### SOURCE DATA

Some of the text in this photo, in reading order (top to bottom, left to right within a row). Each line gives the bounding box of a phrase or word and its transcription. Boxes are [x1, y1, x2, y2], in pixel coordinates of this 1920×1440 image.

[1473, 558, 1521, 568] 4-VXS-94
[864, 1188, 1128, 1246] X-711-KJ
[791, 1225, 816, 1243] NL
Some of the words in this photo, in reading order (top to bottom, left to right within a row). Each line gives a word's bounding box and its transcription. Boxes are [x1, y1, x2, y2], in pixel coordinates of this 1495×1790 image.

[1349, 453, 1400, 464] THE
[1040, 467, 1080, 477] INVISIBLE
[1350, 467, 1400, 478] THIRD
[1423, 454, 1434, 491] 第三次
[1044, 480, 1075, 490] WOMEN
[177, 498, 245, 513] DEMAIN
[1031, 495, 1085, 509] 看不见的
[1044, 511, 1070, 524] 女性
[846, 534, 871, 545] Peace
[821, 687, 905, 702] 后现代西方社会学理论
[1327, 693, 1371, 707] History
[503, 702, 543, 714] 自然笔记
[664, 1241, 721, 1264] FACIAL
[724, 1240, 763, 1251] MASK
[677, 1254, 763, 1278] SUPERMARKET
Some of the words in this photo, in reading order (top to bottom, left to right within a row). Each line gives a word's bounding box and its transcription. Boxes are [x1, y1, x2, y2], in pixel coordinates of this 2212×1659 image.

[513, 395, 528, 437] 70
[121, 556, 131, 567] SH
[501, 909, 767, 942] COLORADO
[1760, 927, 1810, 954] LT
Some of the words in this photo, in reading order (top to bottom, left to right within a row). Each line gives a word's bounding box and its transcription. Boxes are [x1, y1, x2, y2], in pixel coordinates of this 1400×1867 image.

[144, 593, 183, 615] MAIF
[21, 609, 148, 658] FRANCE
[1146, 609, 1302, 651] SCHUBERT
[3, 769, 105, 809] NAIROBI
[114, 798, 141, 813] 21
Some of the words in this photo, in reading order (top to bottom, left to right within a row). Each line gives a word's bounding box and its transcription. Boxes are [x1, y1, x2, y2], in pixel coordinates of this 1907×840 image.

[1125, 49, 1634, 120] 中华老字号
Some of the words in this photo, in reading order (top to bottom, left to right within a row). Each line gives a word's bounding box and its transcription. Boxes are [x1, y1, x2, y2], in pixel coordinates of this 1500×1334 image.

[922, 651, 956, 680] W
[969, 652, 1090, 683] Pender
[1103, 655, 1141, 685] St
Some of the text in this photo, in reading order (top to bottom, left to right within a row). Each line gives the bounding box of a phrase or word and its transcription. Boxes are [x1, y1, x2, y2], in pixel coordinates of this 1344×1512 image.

######

◆ YOUR OBJECTIVE ◆
Write the entries out again verbatim, every one of them.

◆ OUTPUT OF THE EXERCISE ◆
Some of the text in this photo, in reading order (top to bottom, left to right within a row). Each line gives the bounding box of a phrase or word and its transcription. Boxes are [x1, y1, x2, y2], in pixel coordinates of this 1920×1440 image.

[1473, 558, 1521, 568] 4-VXS-94
[864, 1188, 1128, 1246] X-711-KJ
[791, 1225, 816, 1243] NL
Some of the words in this photo, in reading order (top to bottom, left to right within a row). Each line gives a word's bounding box and its transcription. Boxes are [x1, y1, x2, y2], in pixel coordinates of this 1495×1790 image.

[1349, 453, 1400, 464] THE
[1040, 467, 1080, 477] INVISIBLE
[1350, 467, 1400, 478] THIRD
[1423, 454, 1434, 491] 第三次
[1044, 480, 1075, 490] WOMEN
[177, 498, 245, 513] DEMAIN
[1031, 495, 1085, 509] 看不见的
[1044, 511, 1070, 524] 女性
[846, 534, 871, 545] Peace
[821, 687, 905, 702] 后现代西方社会学理论
[1327, 693, 1371, 707] History
[503, 702, 543, 714] 自然笔记
[664, 1241, 721, 1264] FACIAL
[724, 1240, 763, 1251] MASK
[677, 1254, 763, 1278] SUPERMARKET
Some of the words in this photo, in reading order (top to bottom, left to right within a row). Each line gives a word's bounding box and its transcription. Boxes are [x1, y1, x2, y2], in pixel coordinates of this 2212×1659 image.

[513, 395, 528, 437] 70
[121, 556, 131, 567] SH
[501, 909, 767, 942] COLORADO
[1760, 927, 1810, 954] LT
Some of the words in this photo, in reading order (top to bottom, left to right within a row). Each line gives a word's bounding box and its transcription. Boxes are [x1, y1, x2, y2], in pixel coordinates of this 1400×1867 image.

[144, 593, 183, 615] MAIF
[21, 609, 148, 658] FRANCE
[1146, 609, 1302, 651] SCHUBERT
[3, 769, 105, 809] NAIROBI
[114, 798, 141, 813] 21
Some of the words in this photo, in reading order (top to bottom, left to right within a row). Each line gives a word's bounding box and its transcription. Boxes are [x1, y1, x2, y2], in pixel coordinates of this 1907×840 image.

[1125, 49, 1634, 120] 中华老字号
Some of the words in this photo, in reading order (top to bottom, left to right within a row). Each line gives a word's bounding box and its transcription. Boxes are [x1, y1, x2, y2], in pixel coordinates of this 1500×1334 image.

[922, 651, 956, 680] W
[969, 652, 1090, 683] Pender
[1103, 655, 1141, 685] St
Some of the text in this photo, in reading order (top to bottom, left to right within a row). Each line gives the bounding box of a phrase or word and its transcription. Boxes are [x1, y1, x2, y2], in pixel coordinates of this 1344×1512 image.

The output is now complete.